National Geographic Daily News

octopus-mimics-flounder--s150x200.jpg

An Atlantic longarm octopus. Photograph by John Forsythe

Rachel Kaufman

for National Geographic News

Published March 4, 2010

A Caribbean octopus has been spotted disguising itself as a flounder, most likely in an attempt to avoid predators, researchers have announced.

Over the past decade, several Atlantic longarm octopuses have been captured on video imitating the sand-dwelling peacock flounder, mimicking not only the shape of the flatfish but also its color and swimming style.

Octopus mimics have been reported off the coast of Indonesia since 1998. (See a picture of an Indonesian octopus mimicking a sea star.)

This study marks the first case found in the Atlantic—and the fourth octopus species known to adopt a disguise. (Related: "Newfound Octopus Impersonates Fish, Snakes.")

Normally Atlantic longarm octopuses swim with their arms trailing behind their heads.
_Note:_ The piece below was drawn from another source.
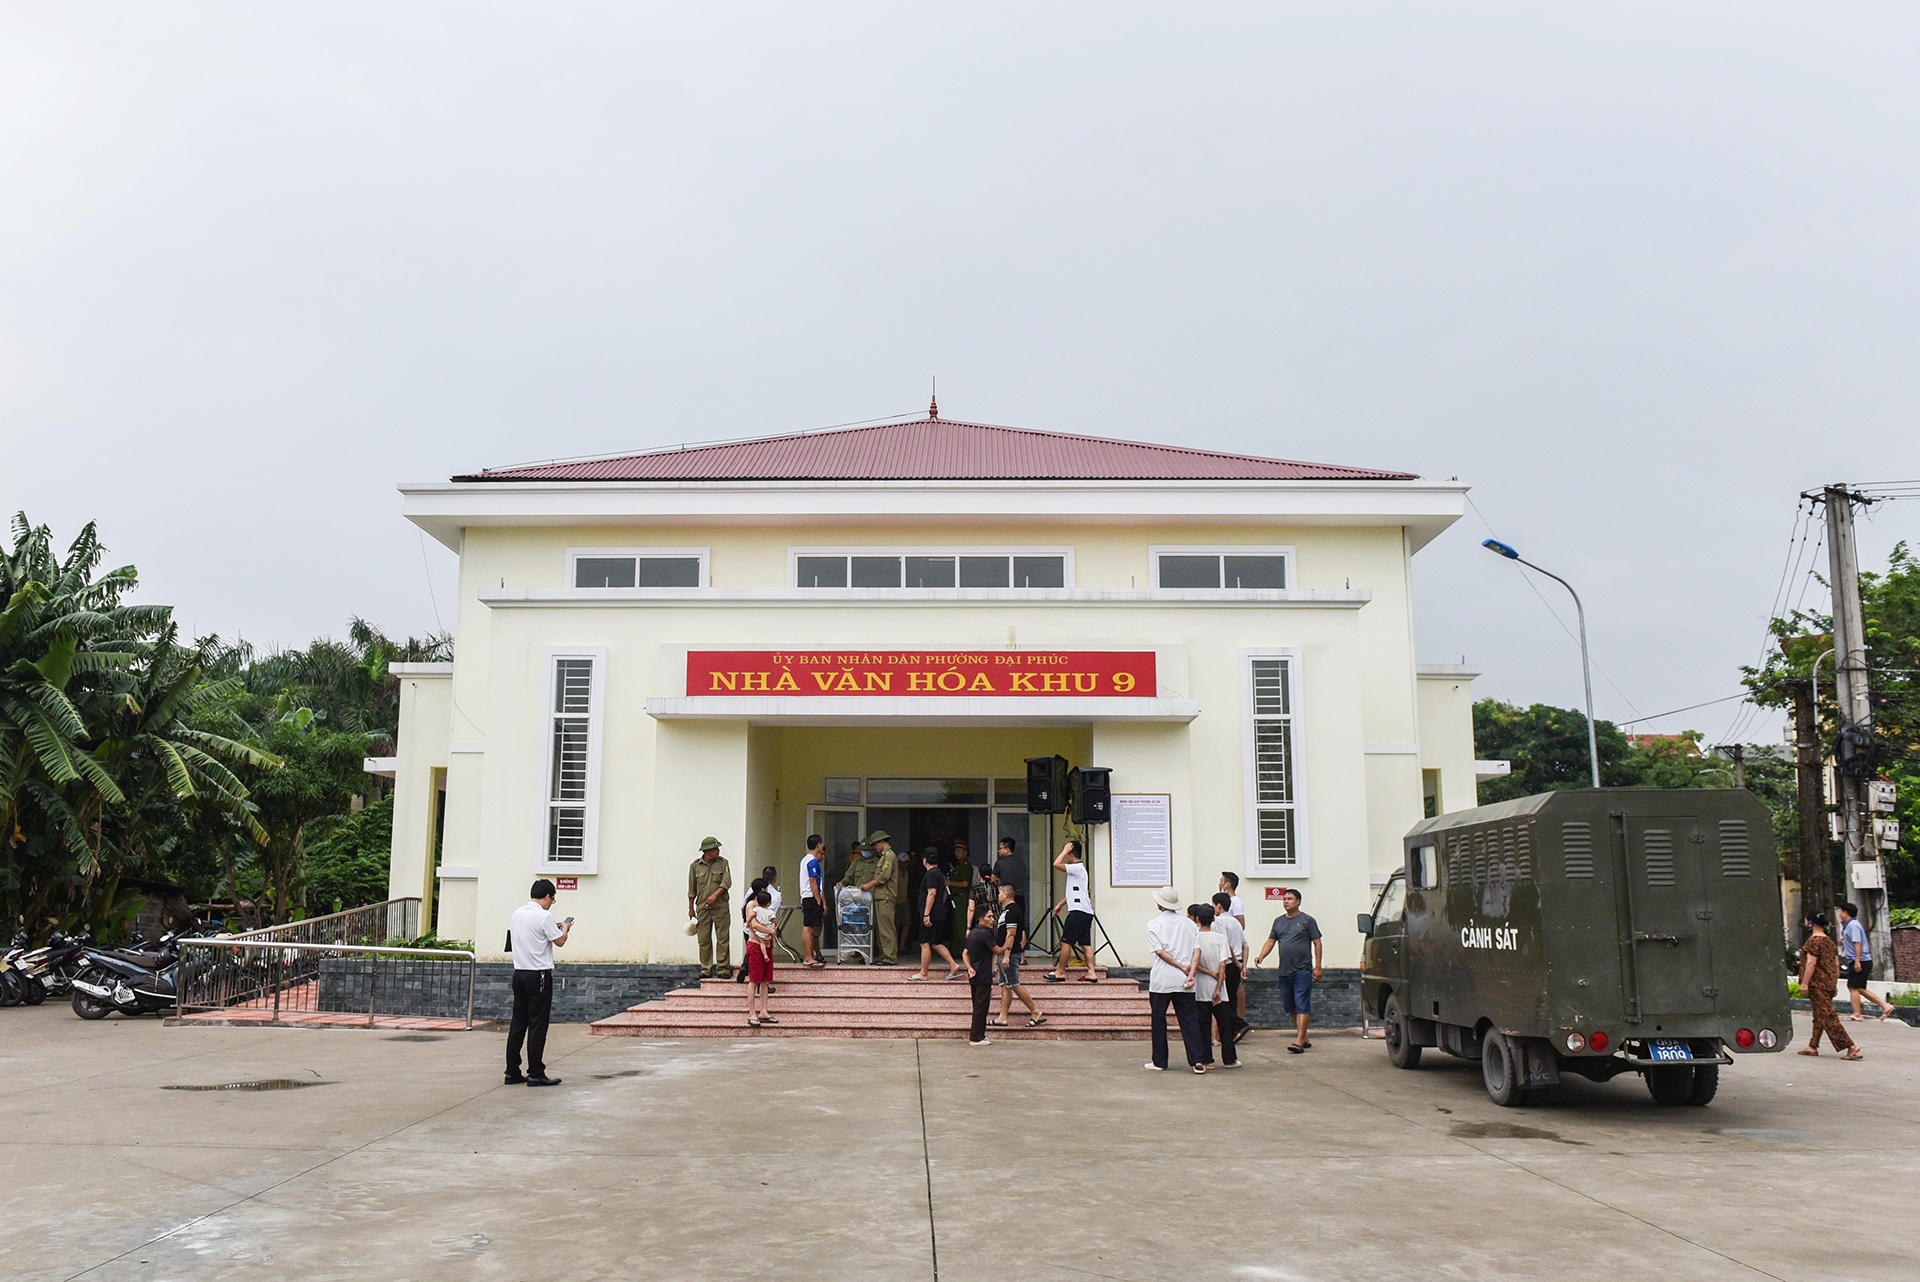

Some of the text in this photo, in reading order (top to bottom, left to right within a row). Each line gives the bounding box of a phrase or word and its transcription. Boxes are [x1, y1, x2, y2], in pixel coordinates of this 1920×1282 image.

[773, 651, 1068, 667] ỦY BAN NHÂN DÂN PHƯỜNG ĐẠI PHÚC
[709, 665, 1136, 693] NHÀ VĂN HÓA KHU 9
[1461, 918, 1519, 951] CẢNH SÁT
But the newly released video shows the cephalopods folding their arms back into flounder shapes and undulating in a way that resembles flounder fins.

"It's a very athletic move," said study leader Roger Hanlon, of the Marine Biological Laboratory in Woods Hole, Massachusetts.

When stationary, the octopus seems content to just be itself. The animal only assumes flounder form when it's on the move, the scientists observed. (See pictures and watch video of "bizarre" octopuses that carry coconuts as instant shelters.)

Hanlon thinks the soft, squishy octopus uses flounder mimicry to avoid predators, which might be alerted to potential prey by motion.

A hungry sea creature might not think twice about biting off an arm or two from a passing octopus. But a rigid flatfish like a flounder would give a predator pause.

Octopus Hardwired for Flounder Form?

How exactly the octopus picked up its flounder-like behavior is still a mystery.

In the 1980s Hanlon had captured Atlantic longarm octopus larvae and brought them back to his lab, eventually raising one to adulthood. The captive animal displayed a weird swim pattern, but the scientists didn't recognize it as mimicry at the time.

When Hanlon saw the wild Atlantic octopuses "becoming" flounders like the species in Indonesia, he went back and looked at snapshots of the lab animal taken in 1985.

"It had never seen another octopus or a flounder, but it did this flounder mimicry," he said.

"We didn't know what that meant in the mid-1980s. But it gives a hint that there might be an innate component to this swimming behavior ... that maybe this is hardwired."

Overall, he added, the research shows that "camouflage is more than looking like the background. There are more sophisticated things going on here."

The research appears in the February issue of The Biological Bulletin.